The notion that the planting of trees is not a viable mechanism for the long-term sequestering of carbon is ludicrous.  Trees clearly possess a number of mechanisms - of which we here discuss but two - that allow them to sequester great quantities of carbon and significantly offset anthropogenic CO2 emissions.  Planting them for this purpose is a reasonable and prudent action that could be used successfully to measurably reduce the rate of rise of the air's CO2 concentration.

Dr. Craig D. Idso Dr.

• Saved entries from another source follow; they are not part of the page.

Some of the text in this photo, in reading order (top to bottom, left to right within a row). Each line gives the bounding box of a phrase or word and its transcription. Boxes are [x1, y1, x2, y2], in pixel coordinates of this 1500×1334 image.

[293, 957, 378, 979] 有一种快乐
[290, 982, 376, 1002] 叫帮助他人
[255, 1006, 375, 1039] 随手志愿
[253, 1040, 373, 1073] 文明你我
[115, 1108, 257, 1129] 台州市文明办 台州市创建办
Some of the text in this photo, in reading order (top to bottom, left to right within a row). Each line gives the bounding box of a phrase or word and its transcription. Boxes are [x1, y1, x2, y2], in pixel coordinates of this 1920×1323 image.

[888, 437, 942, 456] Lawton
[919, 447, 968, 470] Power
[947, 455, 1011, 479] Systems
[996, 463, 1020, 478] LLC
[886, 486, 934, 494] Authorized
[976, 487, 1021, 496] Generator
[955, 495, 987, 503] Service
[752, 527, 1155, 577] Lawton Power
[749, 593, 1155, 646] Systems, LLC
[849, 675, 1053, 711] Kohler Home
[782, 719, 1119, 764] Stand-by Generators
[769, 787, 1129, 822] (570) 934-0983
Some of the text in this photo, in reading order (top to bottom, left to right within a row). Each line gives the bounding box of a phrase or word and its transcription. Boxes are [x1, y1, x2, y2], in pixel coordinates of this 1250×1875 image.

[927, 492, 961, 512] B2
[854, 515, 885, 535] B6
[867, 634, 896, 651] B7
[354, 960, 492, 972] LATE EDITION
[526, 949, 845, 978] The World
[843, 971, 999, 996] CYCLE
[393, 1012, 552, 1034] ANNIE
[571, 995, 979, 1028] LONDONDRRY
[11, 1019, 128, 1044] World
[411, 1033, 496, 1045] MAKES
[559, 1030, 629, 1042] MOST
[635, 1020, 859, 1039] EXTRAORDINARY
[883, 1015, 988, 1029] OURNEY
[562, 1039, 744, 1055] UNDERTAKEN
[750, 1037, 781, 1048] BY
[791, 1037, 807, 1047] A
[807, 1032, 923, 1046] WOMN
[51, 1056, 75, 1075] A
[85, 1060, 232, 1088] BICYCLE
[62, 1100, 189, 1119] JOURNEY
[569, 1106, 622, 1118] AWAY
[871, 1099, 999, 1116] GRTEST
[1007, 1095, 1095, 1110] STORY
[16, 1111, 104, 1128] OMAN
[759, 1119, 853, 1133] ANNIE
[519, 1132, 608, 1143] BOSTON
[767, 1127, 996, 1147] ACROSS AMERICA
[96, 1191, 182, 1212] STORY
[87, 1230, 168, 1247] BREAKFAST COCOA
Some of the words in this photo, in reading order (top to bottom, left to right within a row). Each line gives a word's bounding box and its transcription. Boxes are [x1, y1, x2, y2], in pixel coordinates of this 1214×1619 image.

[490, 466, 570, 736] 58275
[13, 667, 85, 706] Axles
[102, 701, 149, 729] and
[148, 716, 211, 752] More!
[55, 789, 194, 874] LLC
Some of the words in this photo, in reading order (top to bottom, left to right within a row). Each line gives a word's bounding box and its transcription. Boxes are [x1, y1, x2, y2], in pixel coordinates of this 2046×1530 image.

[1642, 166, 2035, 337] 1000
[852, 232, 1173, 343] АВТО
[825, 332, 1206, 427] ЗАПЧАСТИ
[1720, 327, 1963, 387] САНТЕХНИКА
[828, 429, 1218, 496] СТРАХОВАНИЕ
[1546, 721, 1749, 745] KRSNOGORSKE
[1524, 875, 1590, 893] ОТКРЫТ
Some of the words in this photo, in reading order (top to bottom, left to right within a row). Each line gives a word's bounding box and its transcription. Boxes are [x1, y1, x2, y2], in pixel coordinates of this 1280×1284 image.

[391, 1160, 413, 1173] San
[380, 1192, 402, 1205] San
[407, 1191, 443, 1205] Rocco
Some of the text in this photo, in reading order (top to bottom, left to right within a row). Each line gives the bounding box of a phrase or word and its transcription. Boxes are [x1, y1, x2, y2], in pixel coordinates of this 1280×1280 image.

Keith E. Idso

Chambers, J.Q., Higuchi, N. and Schimel, J.P.  1998.  Ancient trees in Amazonia.  Nature 391: 135-136.

Idso, S.B.  1999.  The long-term response of trees to atmospheric CO2 enrichment.  Global Change Biology 5: 493-495.

Marek, M.V., Sprtova, M., De Angelis, P. and Scarascia-Mugnozza, G.  2001.  Spatial distribution of photosynthetic response to long-term influence of elevated CO2 in a Mediterranean macchia mini-ecosystem.  Plant Science 160: 1125-1136.

Saxe, H., Ellsworth, D.S. and Heath, J.  1998.  Tree and forest functioning in an enriched CO2 atmosphere.  New Phytologist 139: 395-436.